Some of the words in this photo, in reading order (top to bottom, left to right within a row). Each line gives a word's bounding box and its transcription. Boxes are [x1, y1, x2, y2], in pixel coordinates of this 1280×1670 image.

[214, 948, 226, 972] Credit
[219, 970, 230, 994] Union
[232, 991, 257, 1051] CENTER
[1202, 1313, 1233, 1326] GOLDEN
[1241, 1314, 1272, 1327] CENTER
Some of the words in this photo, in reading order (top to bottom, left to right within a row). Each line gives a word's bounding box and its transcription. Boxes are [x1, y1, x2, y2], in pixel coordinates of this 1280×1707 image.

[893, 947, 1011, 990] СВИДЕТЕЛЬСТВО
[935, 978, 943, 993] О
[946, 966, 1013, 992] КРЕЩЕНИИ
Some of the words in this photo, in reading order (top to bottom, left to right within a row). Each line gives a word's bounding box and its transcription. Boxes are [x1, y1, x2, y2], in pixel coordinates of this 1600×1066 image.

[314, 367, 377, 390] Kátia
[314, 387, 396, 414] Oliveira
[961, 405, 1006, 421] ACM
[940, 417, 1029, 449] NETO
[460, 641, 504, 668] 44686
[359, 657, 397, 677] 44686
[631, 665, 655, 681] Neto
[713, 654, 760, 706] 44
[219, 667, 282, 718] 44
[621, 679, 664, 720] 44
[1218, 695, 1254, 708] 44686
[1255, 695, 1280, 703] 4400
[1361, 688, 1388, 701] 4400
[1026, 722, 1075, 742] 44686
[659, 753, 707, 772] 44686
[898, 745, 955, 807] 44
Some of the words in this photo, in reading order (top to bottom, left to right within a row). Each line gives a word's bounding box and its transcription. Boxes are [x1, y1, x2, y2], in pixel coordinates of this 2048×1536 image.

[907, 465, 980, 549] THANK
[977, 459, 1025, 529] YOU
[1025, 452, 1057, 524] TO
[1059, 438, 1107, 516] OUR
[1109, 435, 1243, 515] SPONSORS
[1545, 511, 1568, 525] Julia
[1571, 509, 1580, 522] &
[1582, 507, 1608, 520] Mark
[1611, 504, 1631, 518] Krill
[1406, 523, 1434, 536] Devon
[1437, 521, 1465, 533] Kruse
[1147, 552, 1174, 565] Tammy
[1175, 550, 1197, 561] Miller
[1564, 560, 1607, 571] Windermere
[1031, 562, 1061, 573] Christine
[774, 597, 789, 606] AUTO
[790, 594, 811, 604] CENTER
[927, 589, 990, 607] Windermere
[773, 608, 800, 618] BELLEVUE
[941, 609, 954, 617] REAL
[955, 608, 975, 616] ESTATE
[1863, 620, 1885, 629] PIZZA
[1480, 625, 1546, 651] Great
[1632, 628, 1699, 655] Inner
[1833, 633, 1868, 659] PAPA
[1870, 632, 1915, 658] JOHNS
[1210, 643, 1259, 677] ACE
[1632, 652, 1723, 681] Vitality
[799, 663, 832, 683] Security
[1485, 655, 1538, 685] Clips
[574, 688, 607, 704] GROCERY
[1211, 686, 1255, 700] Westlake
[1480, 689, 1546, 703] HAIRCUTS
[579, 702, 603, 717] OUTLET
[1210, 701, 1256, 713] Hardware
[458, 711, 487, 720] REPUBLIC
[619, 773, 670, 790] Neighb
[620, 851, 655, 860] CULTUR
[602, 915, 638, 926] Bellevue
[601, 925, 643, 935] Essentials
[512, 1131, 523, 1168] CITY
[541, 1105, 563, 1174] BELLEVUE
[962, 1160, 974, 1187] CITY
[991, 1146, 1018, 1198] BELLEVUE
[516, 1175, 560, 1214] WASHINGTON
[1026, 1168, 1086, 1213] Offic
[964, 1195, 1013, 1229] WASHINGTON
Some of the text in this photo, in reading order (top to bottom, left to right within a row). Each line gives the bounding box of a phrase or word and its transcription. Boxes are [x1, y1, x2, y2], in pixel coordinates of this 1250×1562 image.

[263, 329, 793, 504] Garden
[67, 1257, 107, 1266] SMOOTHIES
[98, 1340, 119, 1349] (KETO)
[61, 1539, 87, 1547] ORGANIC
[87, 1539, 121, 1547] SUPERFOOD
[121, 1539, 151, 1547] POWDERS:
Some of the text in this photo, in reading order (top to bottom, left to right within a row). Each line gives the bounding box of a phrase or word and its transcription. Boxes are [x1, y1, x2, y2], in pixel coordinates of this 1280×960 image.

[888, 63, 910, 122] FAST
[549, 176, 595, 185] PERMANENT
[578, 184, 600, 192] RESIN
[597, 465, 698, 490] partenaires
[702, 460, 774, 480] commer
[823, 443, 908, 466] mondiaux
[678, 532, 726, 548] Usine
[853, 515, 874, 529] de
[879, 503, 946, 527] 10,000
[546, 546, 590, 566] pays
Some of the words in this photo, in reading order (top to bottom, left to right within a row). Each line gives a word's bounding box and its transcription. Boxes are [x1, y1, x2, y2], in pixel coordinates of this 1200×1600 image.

----------------------------------------

▶ Prompt:
Please output the records shown above, with every character intact.

▶ Task response:
Some of the words in this photo, in reading order (top to bottom, left to right within a row). Each line gives a word's bounding box and its transcription. Boxes are [x1, y1, x2, y2], in pixel coordinates of this 1280×1670 image.

[214, 948, 226, 972] Credit
[219, 970, 230, 994] Union
[232, 991, 257, 1051] CENTER
[1202, 1313, 1233, 1326] GOLDEN
[1241, 1314, 1272, 1327] CENTER
Some of the words in this photo, in reading order (top to bottom, left to right within a row). Each line gives a word's bounding box and its transcription. Boxes are [x1, y1, x2, y2], in pixel coordinates of this 1280×1707 image.

[893, 947, 1011, 990] СВИДЕТЕЛЬСТВО
[935, 978, 943, 993] О
[946, 966, 1013, 992] КРЕЩЕНИИ
Some of the words in this photo, in reading order (top to bottom, left to right within a row). Each line gives a word's bounding box and its transcription. Boxes are [x1, y1, x2, y2], in pixel coordinates of this 1600×1066 image.

[314, 367, 377, 390] Kátia
[314, 387, 396, 414] Oliveira
[961, 405, 1006, 421] ACM
[940, 417, 1029, 449] NETO
[460, 641, 504, 668] 44686
[359, 657, 397, 677] 44686
[631, 665, 655, 681] Neto
[713, 654, 760, 706] 44
[219, 667, 282, 718] 44
[621, 679, 664, 720] 44
[1218, 695, 1254, 708] 44686
[1255, 695, 1280, 703] 4400
[1361, 688, 1388, 701] 4400
[1026, 722, 1075, 742] 44686
[659, 753, 707, 772] 44686
[898, 745, 955, 807] 44
Some of the words in this photo, in reading order (top to bottom, left to right within a row). Each line gives a word's bounding box and its transcription. Boxes are [x1, y1, x2, y2], in pixel coordinates of this 2048×1536 image.

[907, 465, 980, 549] THANK
[977, 459, 1025, 529] YOU
[1025, 452, 1057, 524] TO
[1059, 438, 1107, 516] OUR
[1109, 435, 1243, 515] SPONSORS
[1545, 511, 1568, 525] Julia
[1571, 509, 1580, 522] &
[1582, 507, 1608, 520] Mark
[1611, 504, 1631, 518] Krill
[1406, 523, 1434, 536] Devon
[1437, 521, 1465, 533] Kruse
[1147, 552, 1174, 565] Tammy
[1175, 550, 1197, 561] Miller
[1564, 560, 1607, 571] Windermere
[1031, 562, 1061, 573] Christine
[774, 597, 789, 606] AUTO
[790, 594, 811, 604] CENTER
[927, 589, 990, 607] Windermere
[773, 608, 800, 618] BELLEVUE
[941, 609, 954, 617] REAL
[955, 608, 975, 616] ESTATE
[1863, 620, 1885, 629] PIZZA
[1480, 625, 1546, 651] Great
[1632, 628, 1699, 655] Inner
[1833, 633, 1868, 659] PAPA
[1870, 632, 1915, 658] JOHNS
[1210, 643, 1259, 677] ACE
[1632, 652, 1723, 681] Vitality
[799, 663, 832, 683] Security
[1485, 655, 1538, 685] Clips
[574, 688, 607, 704] GROCERY
[1211, 686, 1255, 700] Westlake
[1480, 689, 1546, 703] HAIRCUTS
[579, 702, 603, 717] OUTLET
[1210, 701, 1256, 713] Hardware
[458, 711, 487, 720] REPUBLIC
[619, 773, 670, 790] Neighb
[620, 851, 655, 860] CULTUR
[602, 915, 638, 926] Bellevue
[601, 925, 643, 935] Essentials
[512, 1131, 523, 1168] CITY
[541, 1105, 563, 1174] BELLEVUE
[962, 1160, 974, 1187] CITY
[991, 1146, 1018, 1198] BELLEVUE
[516, 1175, 560, 1214] WASHINGTON
[1026, 1168, 1086, 1213] Offic
[964, 1195, 1013, 1229] WASHINGTON
Some of the text in this photo, in reading order (top to bottom, left to right within a row). Each line gives the bounding box of a phrase or word and its transcription. Boxes are [x1, y1, x2, y2], in pixel coordinates of this 1250×1562 image.

[263, 329, 793, 504] Garden
[67, 1257, 107, 1266] SMOOTHIES
[98, 1340, 119, 1349] (KETO)
[61, 1539, 87, 1547] ORGANIC
[87, 1539, 121, 1547] SUPERFOOD
[121, 1539, 151, 1547] POWDERS:
Some of the text in this photo, in reading order (top to bottom, left to right within a row). Each line gives the bounding box of a phrase or word and its transcription. Boxes are [x1, y1, x2, y2], in pixel coordinates of this 1280×960 image.

[888, 63, 910, 122] FAST
[549, 176, 595, 185] PERMANENT
[578, 184, 600, 192] RESIN
[597, 465, 698, 490] partenaires
[702, 460, 774, 480] commer
[823, 443, 908, 466] mondiaux
[678, 532, 726, 548] Usine
[853, 515, 874, 529] de
[879, 503, 946, 527] 10,000
[546, 546, 590, 566] pays
Some of the words in this photo, in reading order (top to bottom, left to right within a row). Each line gives a word's bounding box and its transcription. Boxes are [x1, y1, x2, y2], in pixel coordinates of this 1200×1600 image.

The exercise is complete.